My Editor Makin’ My Book Better

You’ll want to sing that title to the tune of, um, something that fits. I don’t know what. I just know it’s better if you sing it.

polish-it-upMy editor, Tom Bentley, doesn’t just nudge my words into place. Line editing is important. His polishes my words from workmanlike to well done.

He also asks me hard questions.

Even knowing his strategic use of silence, wouldn’t he ask anything about who Heather is?

Seems like he’d at least mention Heather’s absence to himself

Weren’t they already in trouble? How would them getting in the house with him and Rosie gone be more trouble?

Would you view it that way when you were that age, as this implies?

I like that you put this in, obvious as it may be, because his complete abandonment of his protective senses seems too strong to me here.

I enjoy this level of disclosure because it’s character layering for me that gives me a richer sense of our boy; not sure every reader would (though that might not matter)

The revelation that the “chorus” is about a secondary character is a bit of a risk

This is quite a sharp turn in the narrative. It immediately makes me wonder how Rosie is in the middle of this as well—I wonder if the information/perspective shift happens just a touch too fast.

Somewhat surprised that Edie hadn’t been forthcoming fully to Jesse

Again, seems like he’d at least think of Rosie’s plight or her place in all this

We do have to suspend disbelief a bit to absorb that they are entwined so tightly but Barry’s sinister lurking is still a little murky to me.
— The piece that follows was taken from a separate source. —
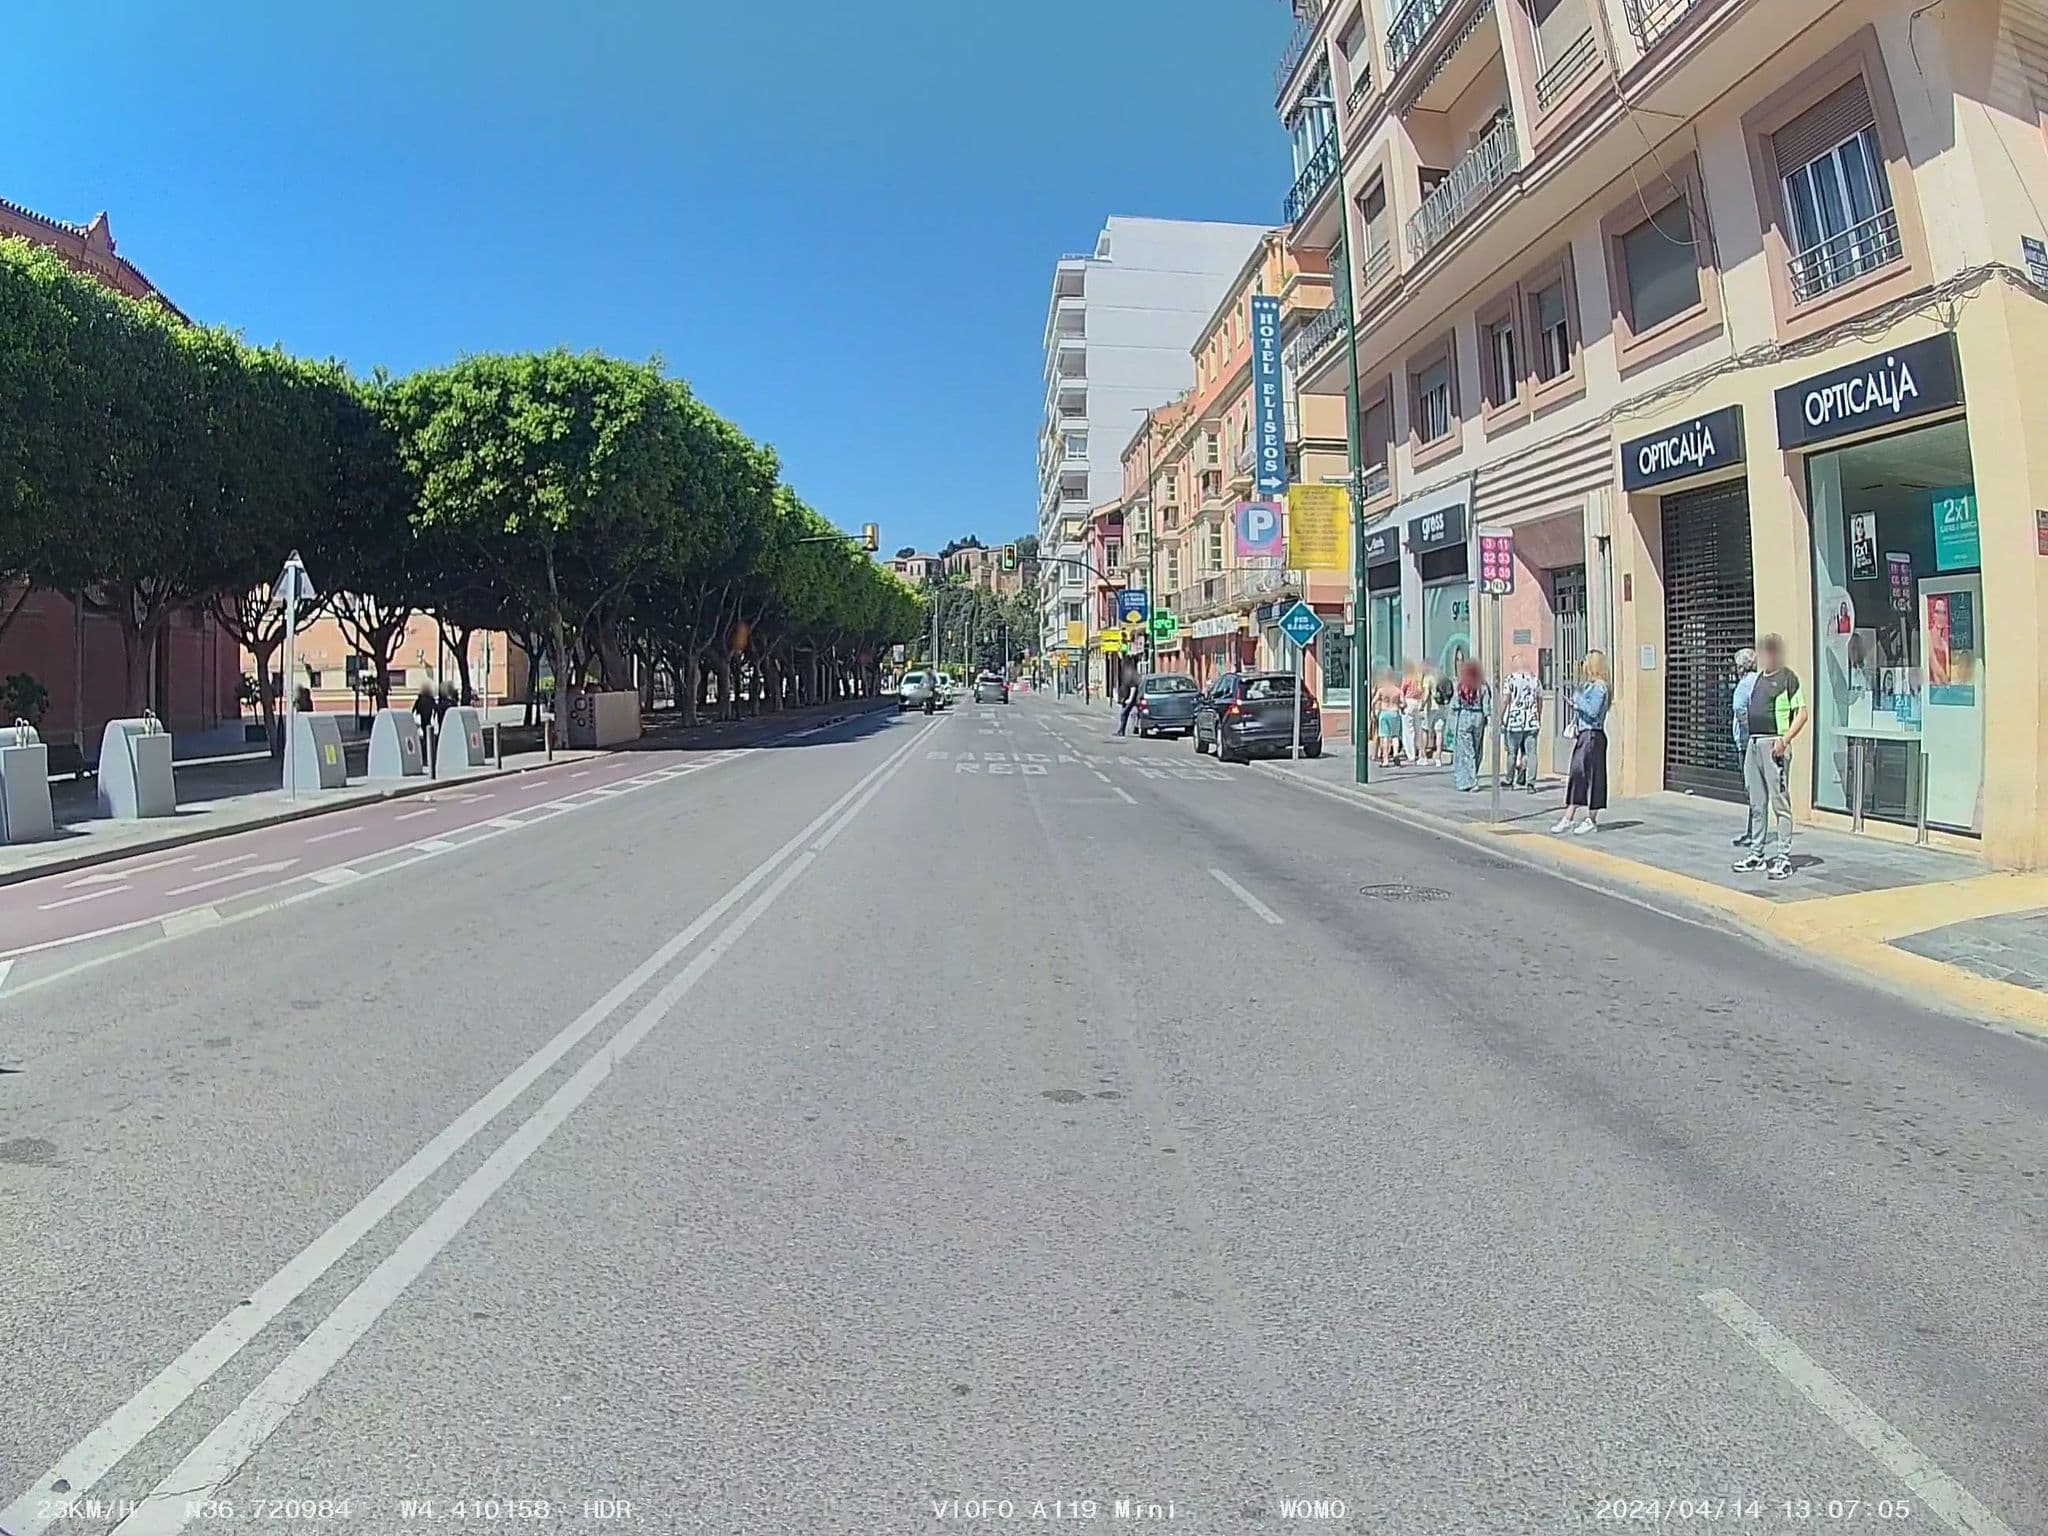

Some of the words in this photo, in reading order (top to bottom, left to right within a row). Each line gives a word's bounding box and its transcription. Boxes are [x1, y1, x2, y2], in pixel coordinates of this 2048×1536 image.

[1260, 313, 1275, 375] HOTEL
[1262, 383, 1279, 472] ELISEOS
[1248, 510, 1274, 541] P
[1943, 495, 1970, 523] 2x1
Okay, they’re not always questions. You know what I mean.

And he’s right. Each question makes me think about how the story reads to those outside my head. (They’re the only ones who’ll pay to read it; none of the folks inside my head have ever given me a nickel.)

If it’s not clear to Tom, who knows me, knows my writing, or if it feels like a stretch to someone who wants to love my work, what about total strangers?
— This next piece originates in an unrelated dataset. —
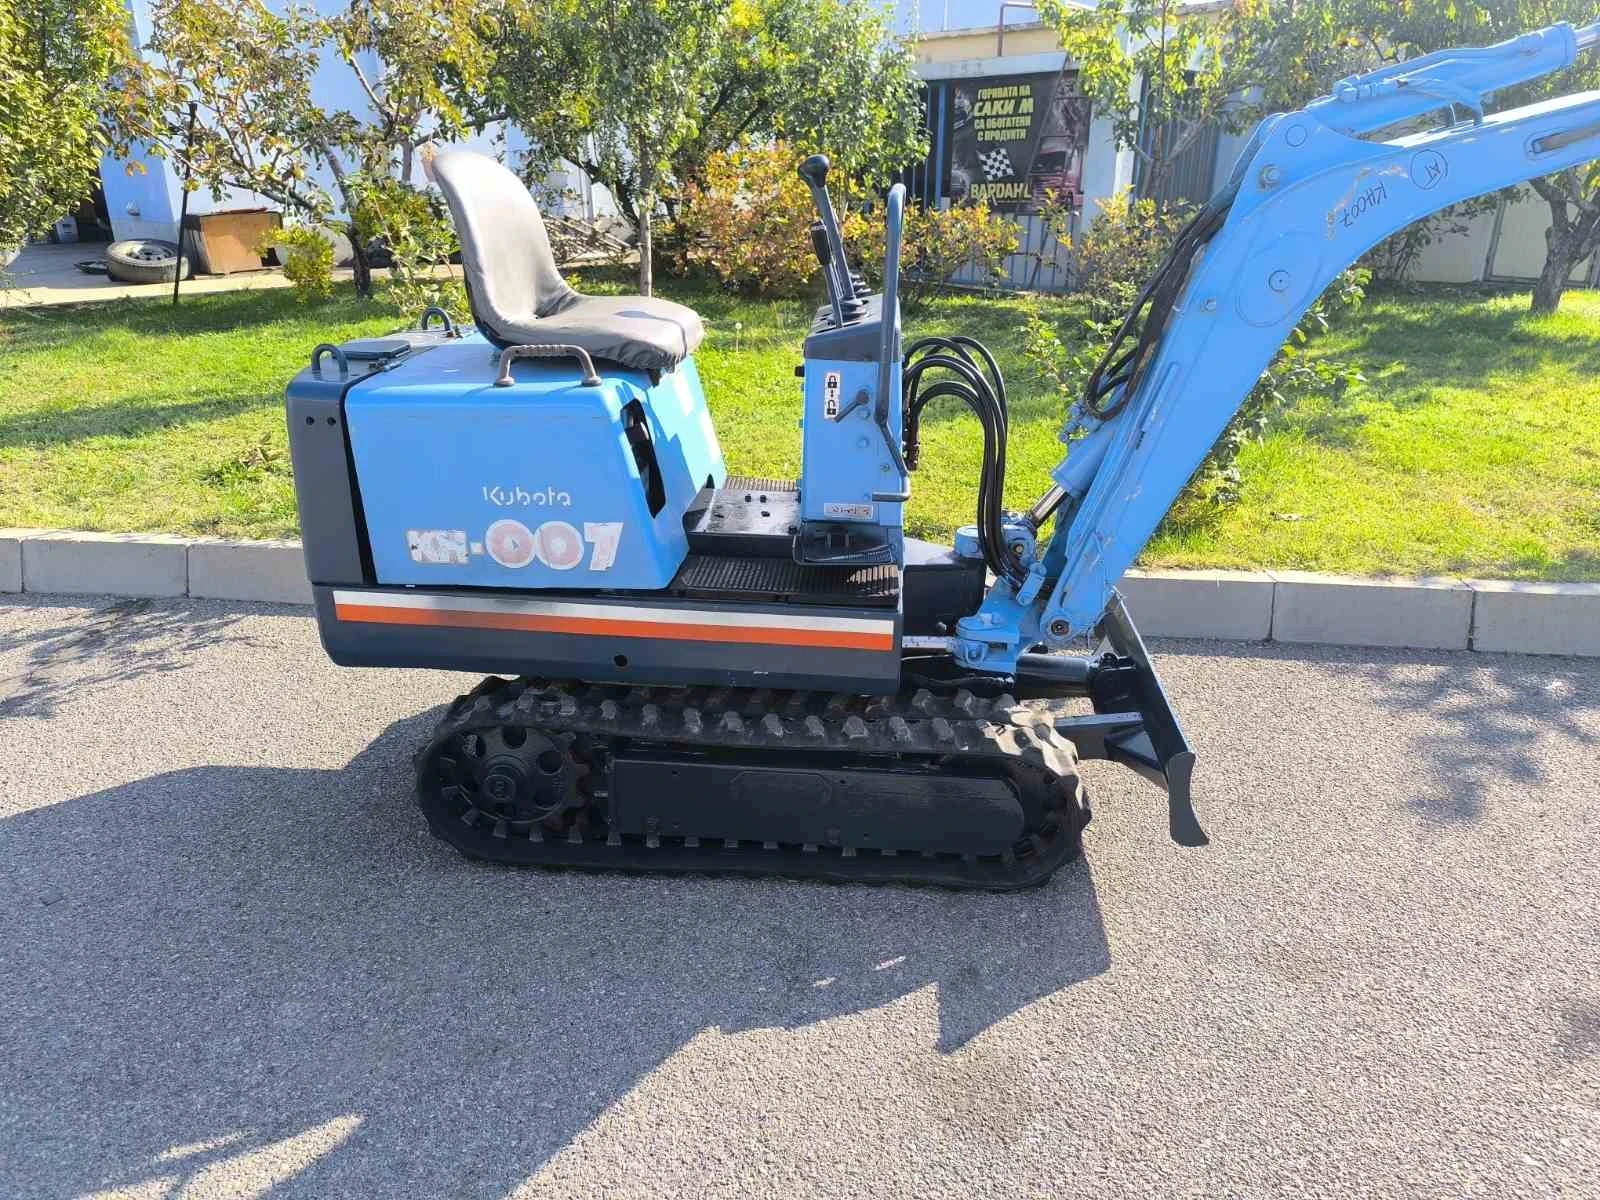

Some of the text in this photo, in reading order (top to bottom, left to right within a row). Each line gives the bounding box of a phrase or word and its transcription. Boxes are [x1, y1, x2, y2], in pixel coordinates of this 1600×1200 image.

[974, 98, 1034, 116] САКИ М
[970, 184, 1032, 204] BARDAHL
[482, 486, 571, 507] Kubota
Tom’s stamp of approval, on top of Best Beloved’s appreciation and my own confidence, tells me we have a winner.

But Wait; There’s More!

There are two bits in the newest book That She is Made of Truth which, to me, were drive-bys. A bit of info to make the moment work.
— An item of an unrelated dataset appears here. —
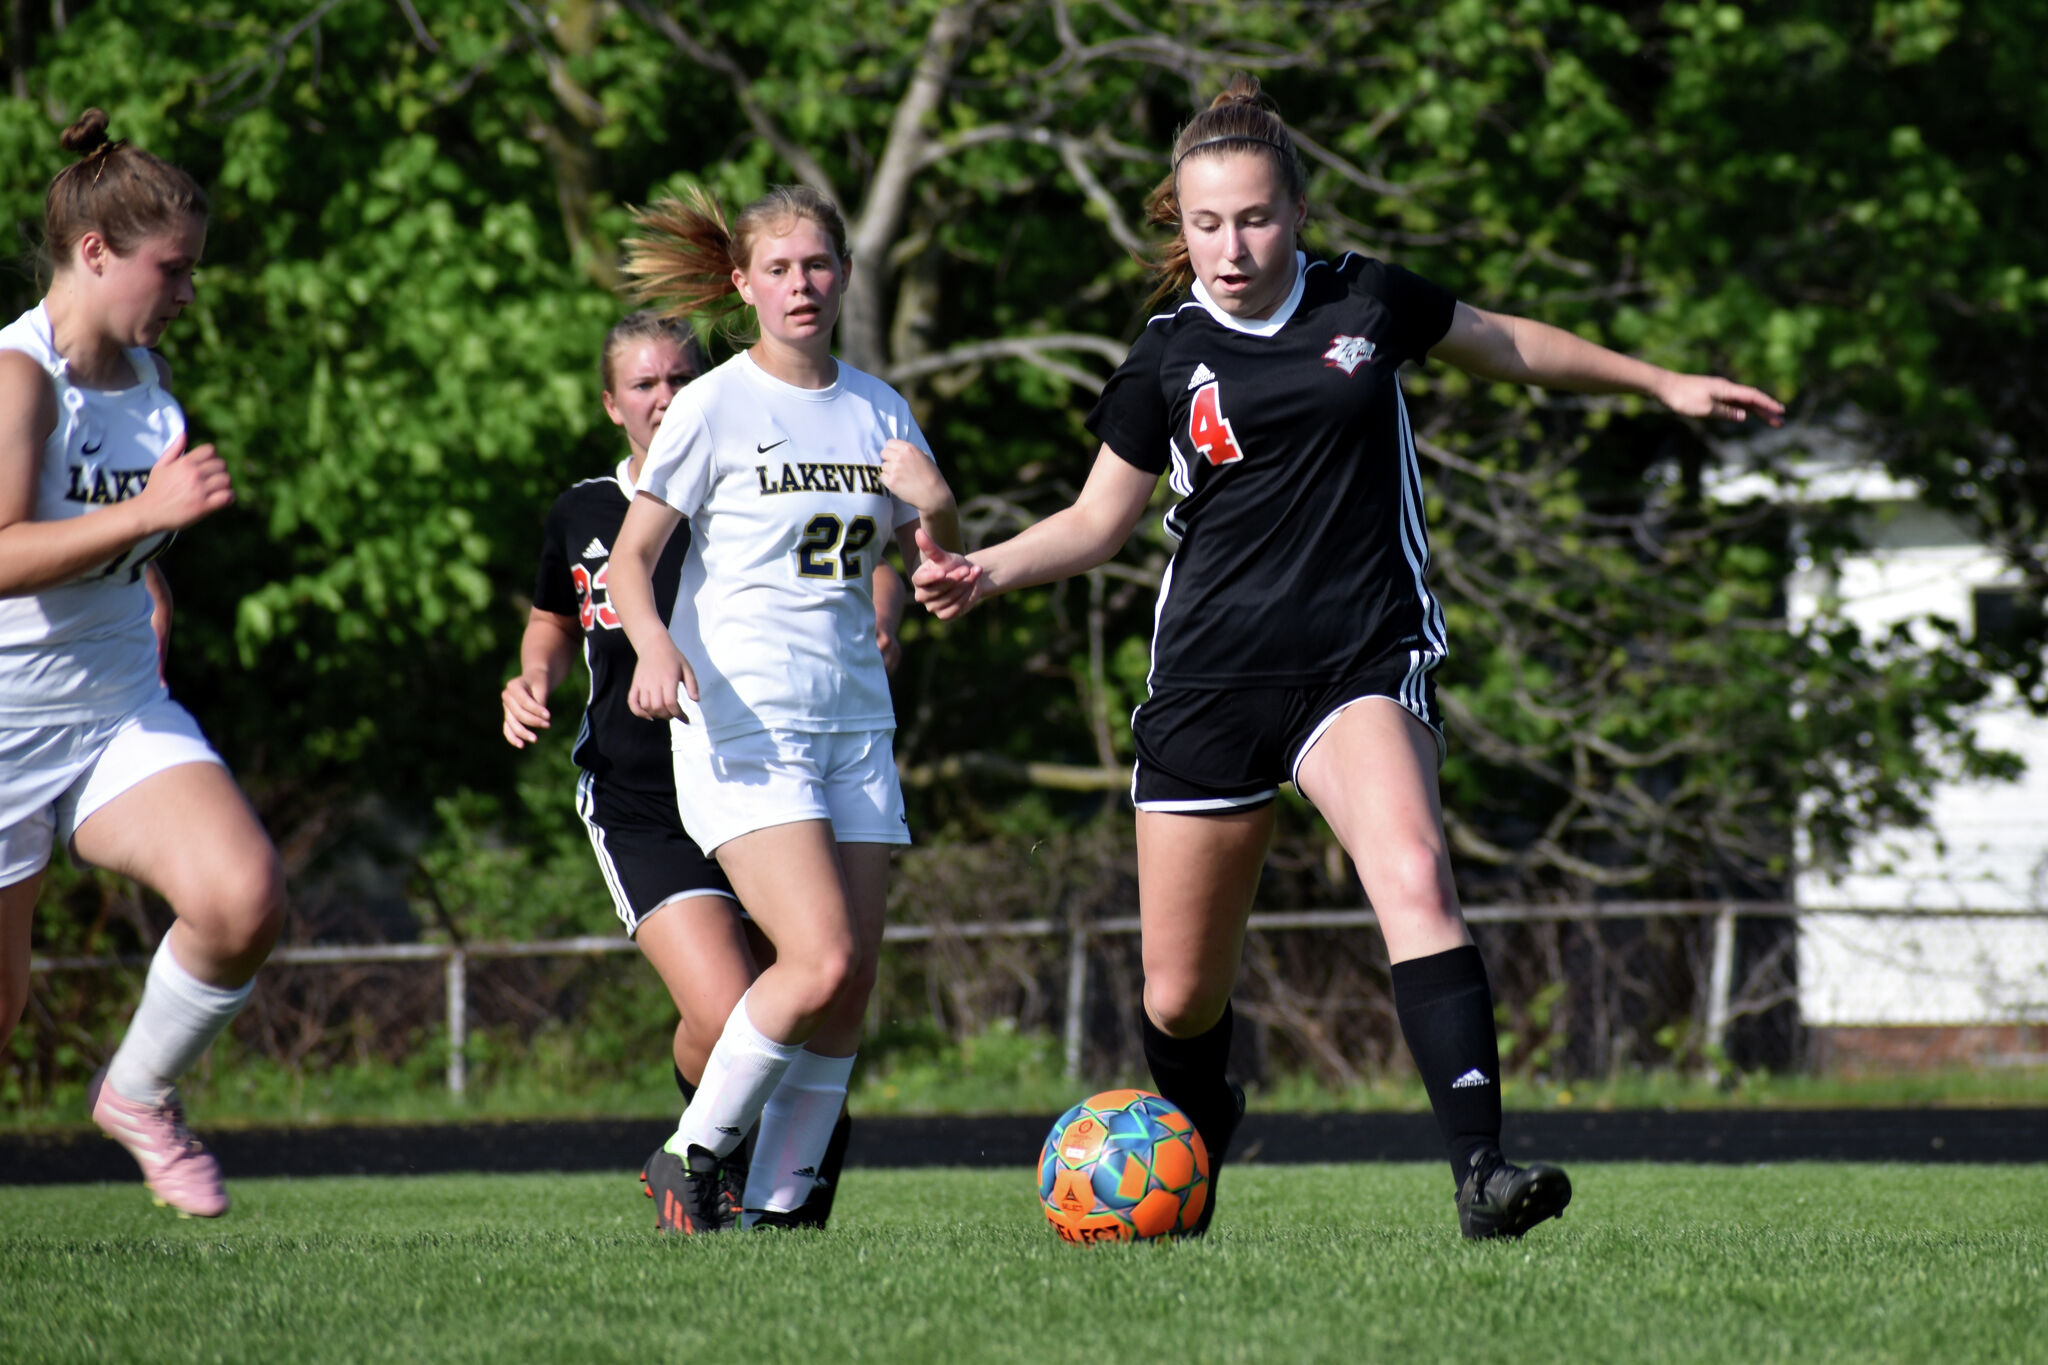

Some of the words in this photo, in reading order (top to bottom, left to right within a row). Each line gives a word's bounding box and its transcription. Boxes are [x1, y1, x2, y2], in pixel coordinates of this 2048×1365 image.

[1189, 381, 1244, 466] 4
[755, 462, 891, 498] LAKEVIE
[797, 512, 878, 581] 22
Tom, not being in my brain, saw connections I’d never intended. Not consciously, anyway.

Once he mentioned them, they became obvious. I won’t tell you what they are because one is a spoiler and one is meaningless out of context. I’ll just say that where the buttons on my favorite shirt were loose, now they’re stitched up tight with upholstery thread.

My Best. Book. Ever.

When I started what was then called anodyne 3 1/2 years ago, I knew nothing formal about story structure. I could tell a good story; I had, in fact. Through the Fog, as poorly structured and unedited as it is, still gets great reviews. It’s a good book, or I wouldn’t give it away free as an example of my work to everyone who signs up for my newsletter.

It’s a good book.

That She is Made of Truth, the new version of anodyne, is a great book.

That happens when a writer like me and an editor like Tom cross paths.


That She is Made of TruthYou can preorder the digital version of That She is Made of Truth at Amazon or Smashwords (preordering saves $1.)

Those on my newsletter have already seen the best price I’ll ever offer for this book. Soon, you’ll be able to preorder a signed copy here at the website (though not at the newsletter price.) It’ll be the only way to get a signed copy at the same price as getting it from Amazon.

Oh, One Last Thing…

See those sharing buttons below? Would you share this with whatever social networks you like most?

2 thoughts on “My Editor Makin’ My Book Better

  1. Of course, since I’m completely unbiased in this account, I will share its thrills with my Twitter audience as an instance of collaborative congruity. (And I will start teaching classes in such, become famous, and probably run for the Republican presidential nomination, because they need another new face.)

    Anyway, Joel, though some of those questions/statements to me sound like I might need to deflate my editorial tires a little, I’m glad they were helpful, and I am confident that you’ll make the most of whatever writerly entanglements they might untangle, because you’re a most-maker. (Which, if it isn’t clear, is a compliment.)

  2. Deflate? Not at all. You got the snow studs that keep this vehicle on the road.